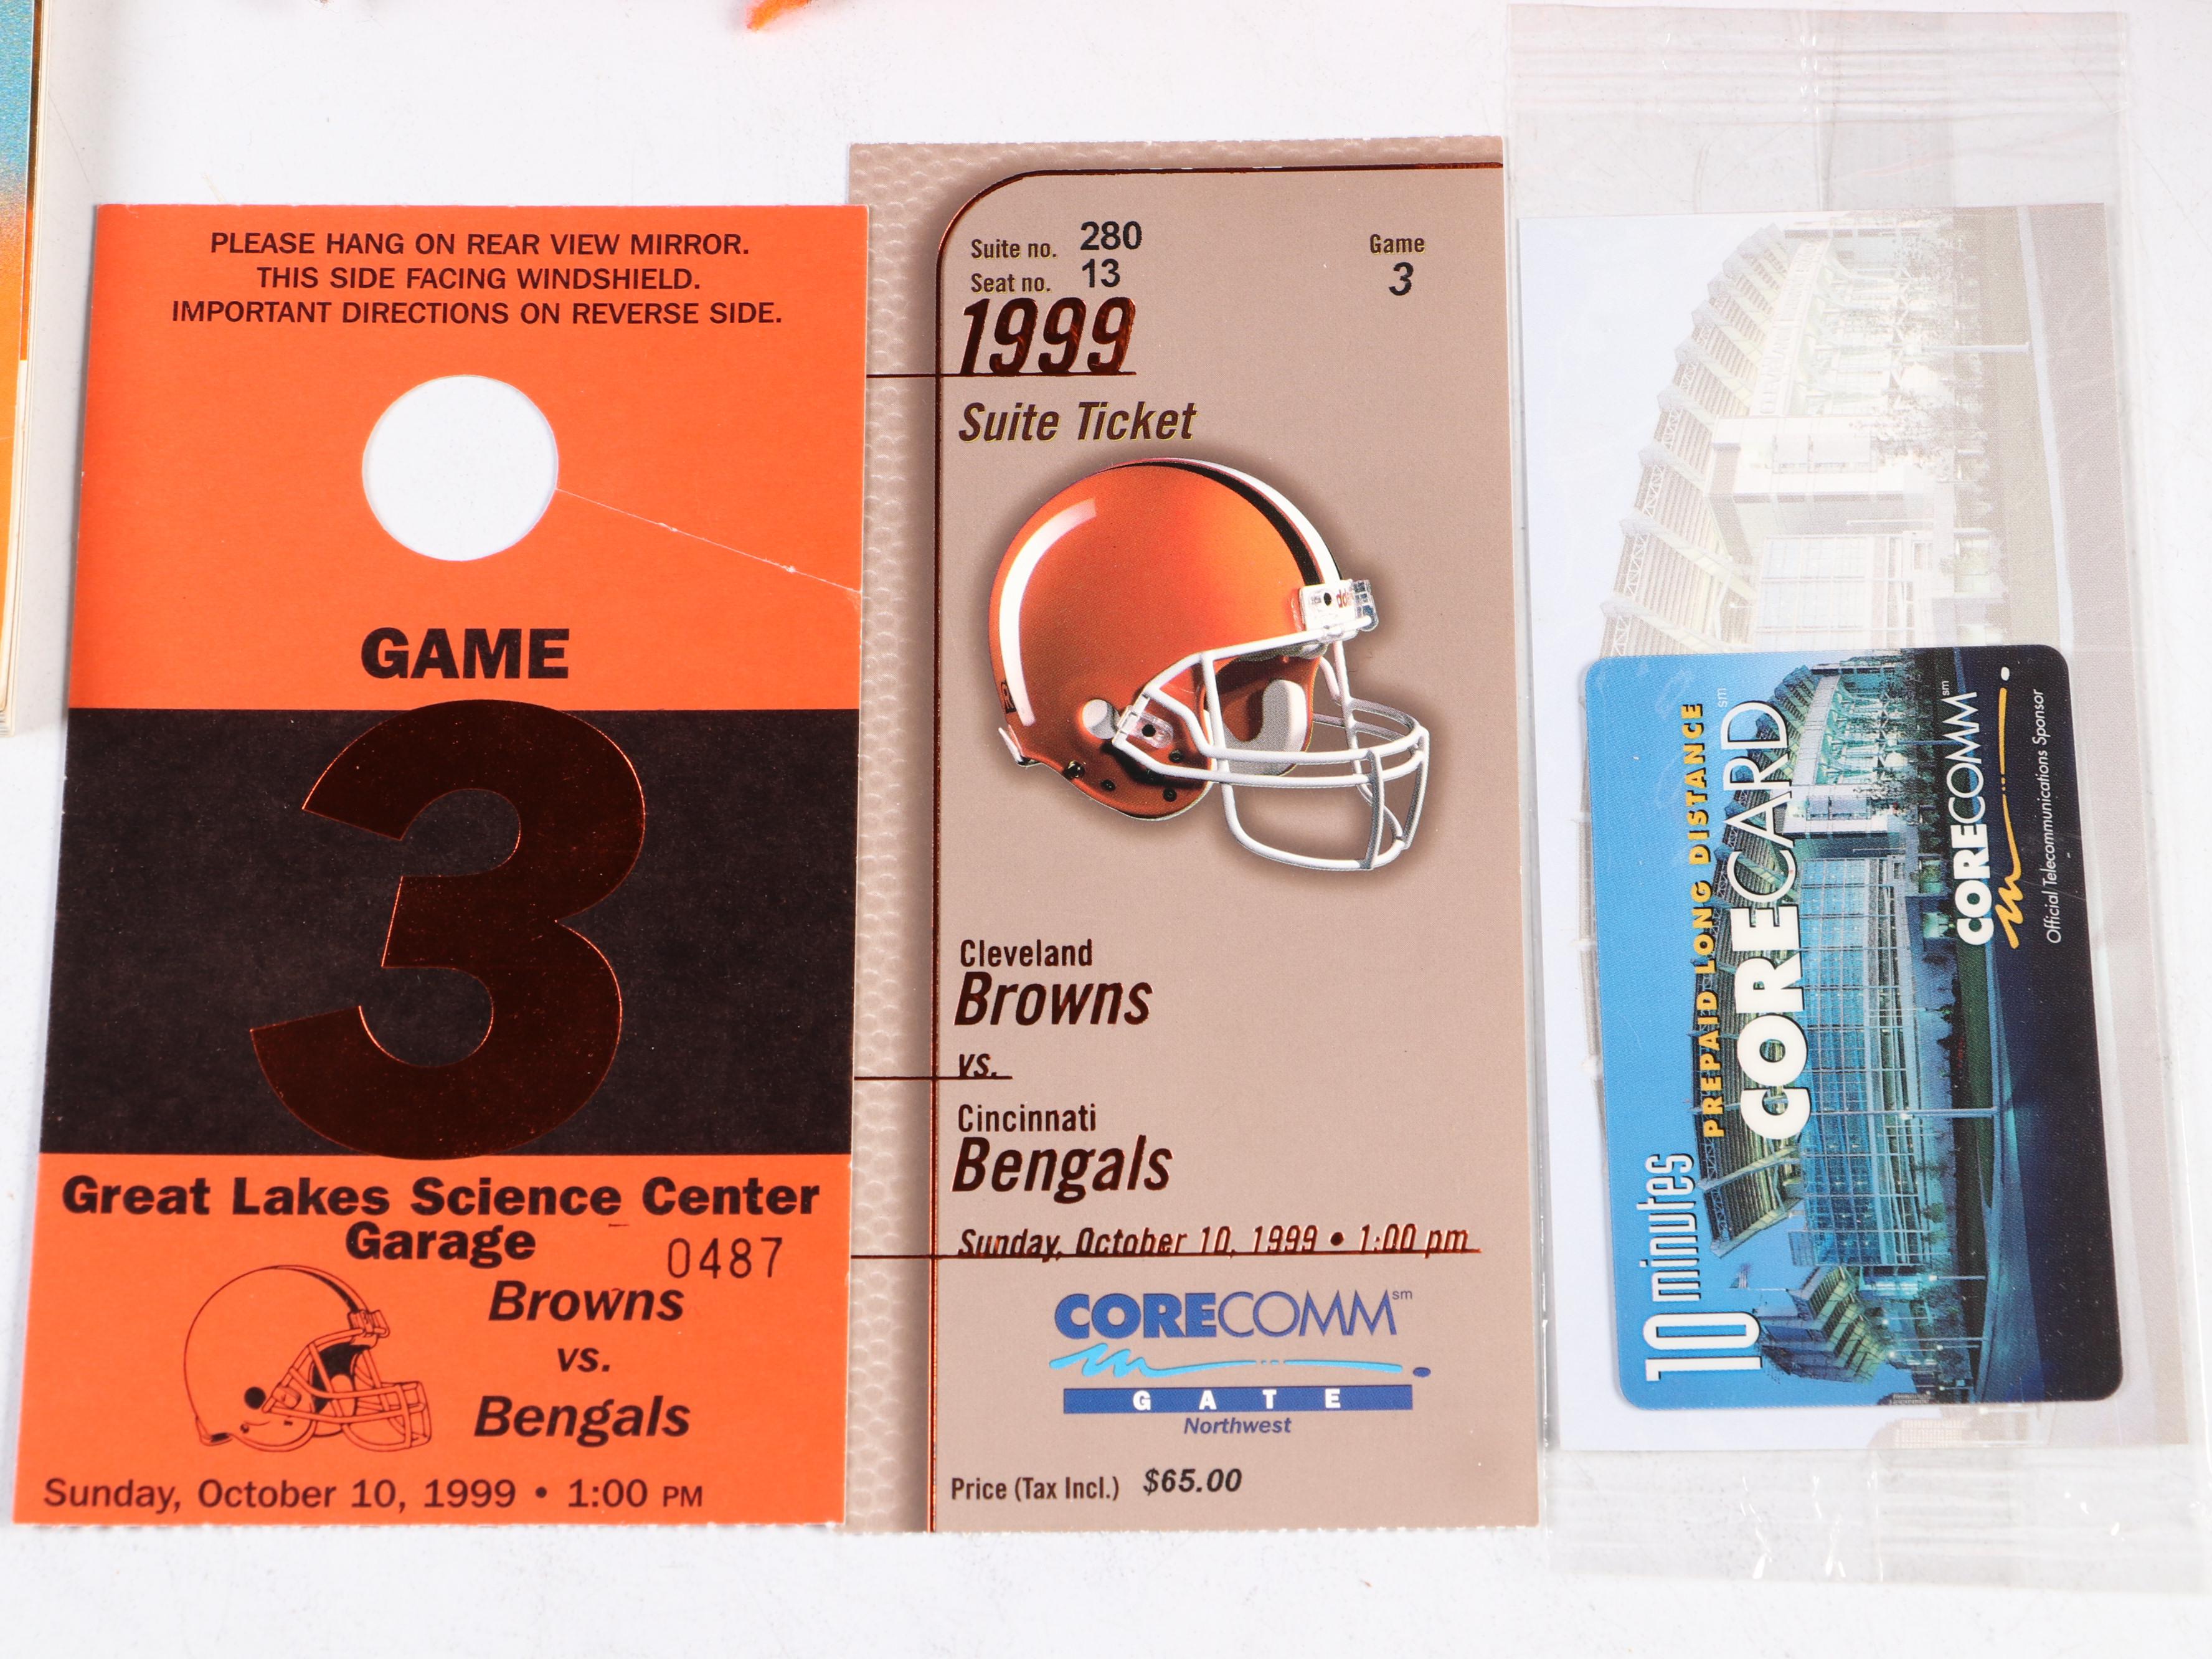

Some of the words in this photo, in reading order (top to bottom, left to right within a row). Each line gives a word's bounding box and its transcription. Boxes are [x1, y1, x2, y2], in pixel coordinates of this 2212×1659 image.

[212, 232, 314, 253] PLEASE
[327, 234, 404, 254] HANG
[416, 234, 454, 254] ON
[468, 234, 539, 254] REAR
[551, 234, 620, 255] VIEW
[631, 234, 748, 255] MIRROR.
[971, 239, 1019, 258] Suite
[1028, 240, 1057, 259] no.
[1080, 221, 1142, 250] 280
[1370, 234, 1424, 253] Game
[257, 267, 318, 288] THIS
[330, 267, 395, 288] SIDE
[407, 268, 505, 289] FACING
[517, 268, 699, 289] WINDSHIELD.
[971, 273, 1014, 292] Seat
[1021, 275, 1051, 294] no.
[1082, 258, 1120, 288] 13
[1389, 262, 1414, 296] 3
[173, 301, 331, 323] IMPORTANT
[343, 302, 508, 324] DIRECTIONS
[521, 303, 559, 324] ON
[573, 303, 699, 324] REVERSE
[710, 303, 781, 323] SIDE.
[960, 297, 1136, 375] 1999
[959, 402, 1059, 441] Suite
[1078, 402, 1197, 440] Ticket
[361, 628, 569, 679] GAME
[2033, 688, 2051, 745] Sponsor
[1683, 702, 1709, 865] DISTANCE
[1942, 691, 1993, 945] CORECOMM
[2036, 745, 2059, 886] Telecommunications
[250, 700, 646, 1160] 3
[1693, 882, 1716, 973] LONG
[1722, 701, 1812, 1141] CORECARD
[2042, 883, 2061, 944] Official
[961, 939, 1092, 967] Cleveland
[955, 971, 1152, 1026] Browns
[958, 1053, 998, 1079] vs.
[1698, 990, 1726, 1138] PREPAID
[958, 1104, 1095, 1132] Cincinnati
[952, 1135, 1172, 1204] Bengals
[63, 1175, 210, 1215] Great
[233, 1178, 389, 1216] Lakes
[411, 1177, 621, 1216] Science
[643, 1177, 820, 1215] Center
[346, 1221, 536, 1269] Garage
[958, 1228, 1063, 1263] Sunday,
[1076, 1227, 1188, 1255] October
[1199, 1226, 1234, 1258] 10,
[1252, 1225, 1319, 1253] 1999
[1359, 1224, 1416, 1252] 1:00
[1423, 1230, 1470, 1258] pm
[1637, 1154, 1700, 1303] minutes
[668, 1237, 782, 1279] 0487
[489, 1280, 684, 1321] Browns
[1054, 1290, 1399, 1339] CORECOMM
[558, 1348, 610, 1372] vs.
[1643, 1311, 1762, 1382] 10
[475, 1396, 690, 1447] Bengals
[1184, 1417, 1292, 1434] Northwest
[44, 1478, 180, 1514] Sunday,
[199, 1479, 336, 1508] October
[352, 1480, 405, 1513] 10,
[425, 1479, 516, 1508] 1999
[569, 1479, 648, 1507] 1:00
[663, 1486, 702, 1507] PM
[952, 1478, 1006, 1500] Price
[1015, 1477, 1057, 1501] (Tax
[1066, 1477, 1118, 1501] Incl.)
[1143, 1468, 1242, 1495] $65.00
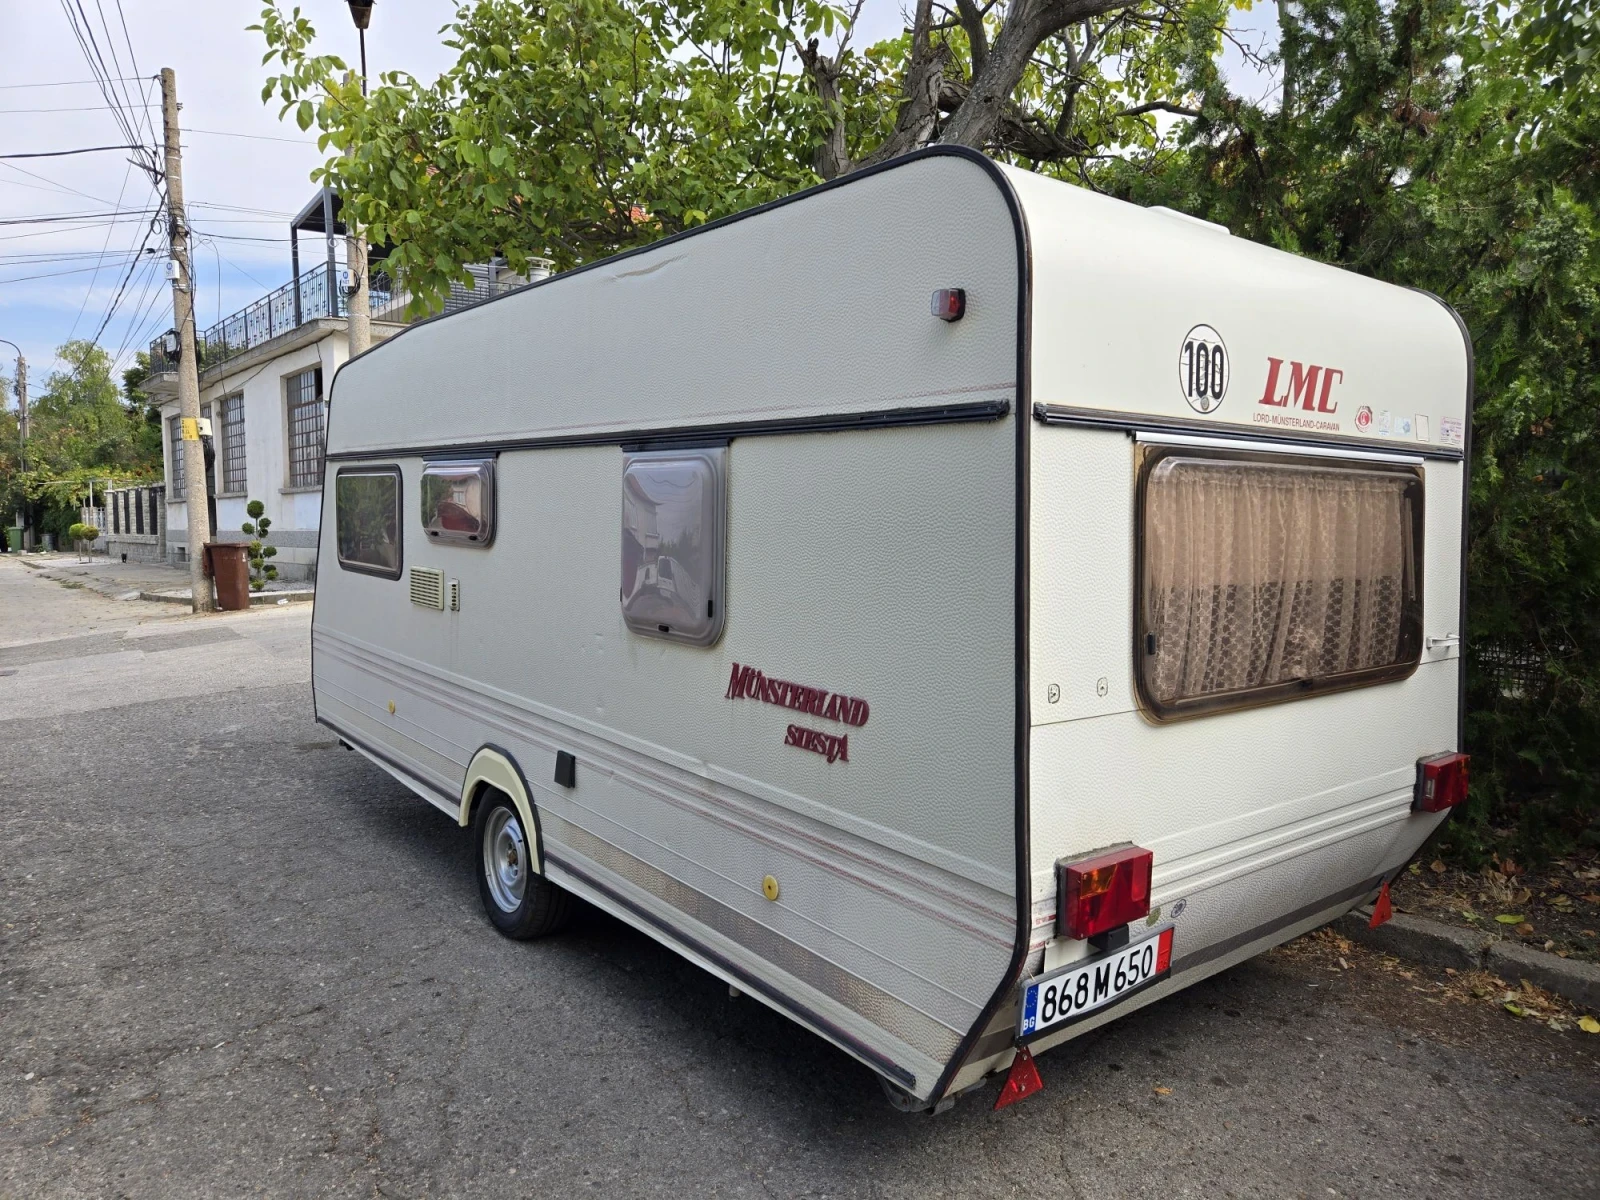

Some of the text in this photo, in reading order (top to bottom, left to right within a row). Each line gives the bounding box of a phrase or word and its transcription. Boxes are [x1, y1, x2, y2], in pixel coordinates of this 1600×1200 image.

[1184, 340, 1224, 400] 100
[1258, 356, 1343, 414] LMC
[724, 662, 870, 727] MÜNSTERLAND
[1024, 1016, 1035, 1030] BG
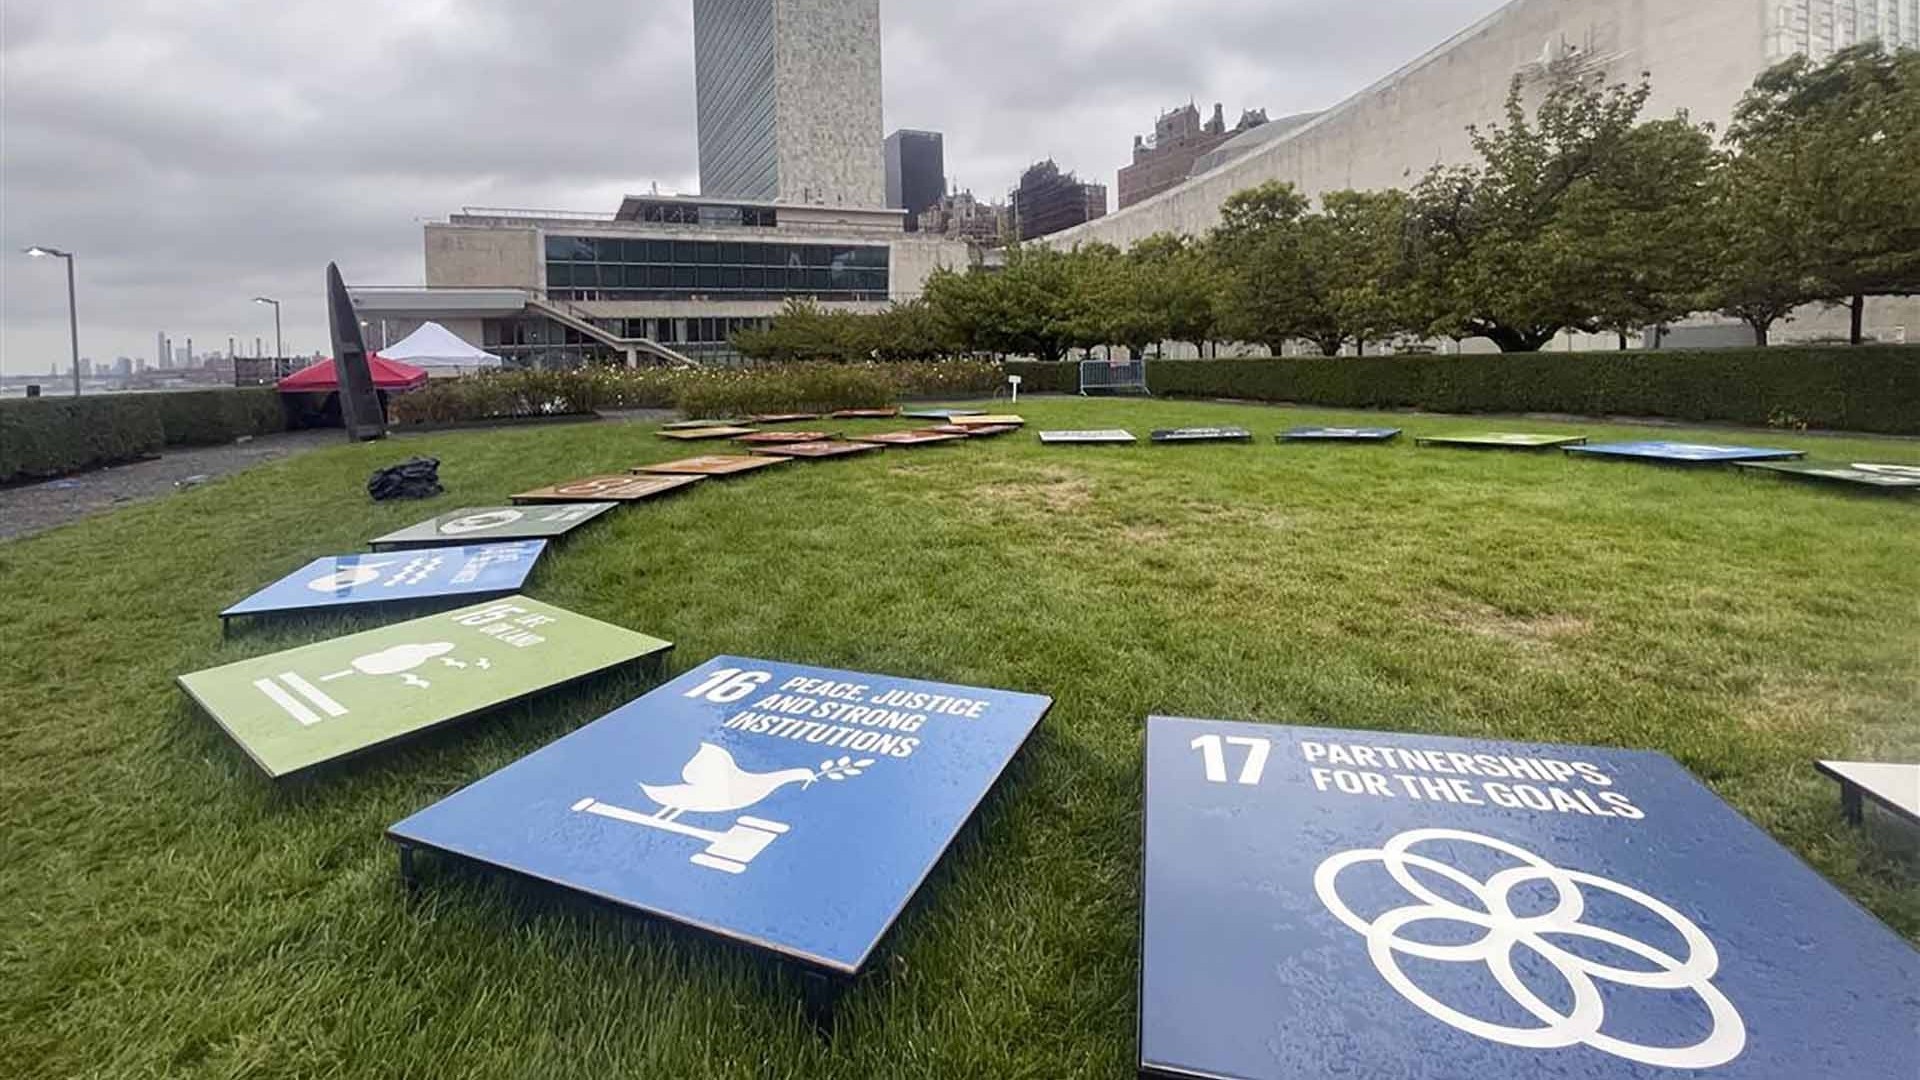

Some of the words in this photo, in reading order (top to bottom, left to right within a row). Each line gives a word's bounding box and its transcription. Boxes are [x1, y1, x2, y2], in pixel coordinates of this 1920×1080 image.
····················
- _What you have to do_
Restate the material word for word, minus pictures.

- _Result below_
Some of the words in this photo, in reading order (top to bottom, left to right within a row). Each line gives a word's bounding box and its transcription. Boxes are [x1, y1, x2, y2], in pixel coordinates of this 2212×1659 image.

[212, 232, 314, 253] PLEASE
[327, 234, 404, 254] HANG
[416, 234, 454, 254] ON
[468, 234, 539, 254] REAR
[551, 234, 620, 255] VIEW
[631, 234, 748, 255] MIRROR.
[971, 239, 1019, 258] Suite
[1028, 240, 1057, 259] no.
[1080, 221, 1142, 250] 280
[1370, 234, 1424, 253] Game
[257, 267, 318, 288] THIS
[330, 267, 395, 288] SIDE
[407, 268, 505, 289] FACING
[517, 268, 699, 289] WINDSHIELD.
[971, 273, 1014, 292] Seat
[1021, 275, 1051, 294] no.
[1082, 258, 1120, 288] 13
[1389, 262, 1414, 296] 3
[173, 301, 331, 323] IMPORTANT
[343, 302, 508, 324] DIRECTIONS
[521, 303, 559, 324] ON
[573, 303, 699, 324] REVERSE
[710, 303, 781, 323] SIDE.
[960, 297, 1136, 375] 1999
[959, 402, 1059, 441] Suite
[1078, 402, 1197, 440] Ticket
[361, 628, 569, 679] GAME
[2033, 688, 2051, 745] Sponsor
[1683, 702, 1709, 865] DISTANCE
[1942, 691, 1993, 945] CORECOMM
[2036, 745, 2059, 886] Telecommunications
[250, 700, 646, 1160] 3
[1693, 882, 1716, 973] LONG
[1722, 701, 1812, 1141] CORECARD
[2042, 883, 2061, 944] Official
[961, 939, 1092, 967] Cleveland
[955, 971, 1152, 1026] Browns
[958, 1053, 998, 1079] vs.
[1698, 990, 1726, 1138] PREPAID
[958, 1104, 1095, 1132] Cincinnati
[952, 1135, 1172, 1204] Bengals
[63, 1175, 210, 1215] Great
[233, 1178, 389, 1216] Lakes
[411, 1177, 621, 1216] Science
[643, 1177, 820, 1215] Center
[346, 1221, 536, 1269] Garage
[958, 1228, 1063, 1263] Sunday,
[1076, 1227, 1188, 1255] October
[1199, 1226, 1234, 1258] 10,
[1252, 1225, 1319, 1253] 1999
[1359, 1224, 1416, 1252] 1:00
[1423, 1230, 1470, 1258] pm
[1637, 1154, 1700, 1303] minutes
[668, 1237, 782, 1279] 0487
[489, 1280, 684, 1321] Browns
[1054, 1290, 1399, 1339] CORECOMM
[558, 1348, 610, 1372] vs.
[1643, 1311, 1762, 1382] 10
[475, 1396, 690, 1447] Bengals
[1184, 1417, 1292, 1434] Northwest
[44, 1478, 180, 1514] Sunday,
[199, 1479, 336, 1508] October
[352, 1480, 405, 1513] 10,
[425, 1479, 516, 1508] 1999
[569, 1479, 648, 1507] 1:00
[663, 1486, 702, 1507] PM
[952, 1478, 1006, 1500] Price
[1015, 1477, 1057, 1501] (Tax
[1066, 1477, 1118, 1501] Incl.)
[1143, 1468, 1242, 1495] $65.00

Some of the text in this photo, in reading order (top to bottom, left to right within a row). Each line gives the bounding box of a phrase or word and its transcription. Boxes are [x1, y1, x2, y2], in pixel coordinates of this 1600×1200 image.

[1184, 340, 1224, 400] 100
[1258, 356, 1343, 414] LMC
[724, 662, 870, 727] MÜNSTERLAND
[1024, 1016, 1035, 1030] BG

Some of the words in this photo, in reading order (top to bottom, left to right within a row). Each line gives a word's bounding box and its transcription. Boxes are [x1, y1, x2, y2], in pixel coordinates of this 1920×1080 image.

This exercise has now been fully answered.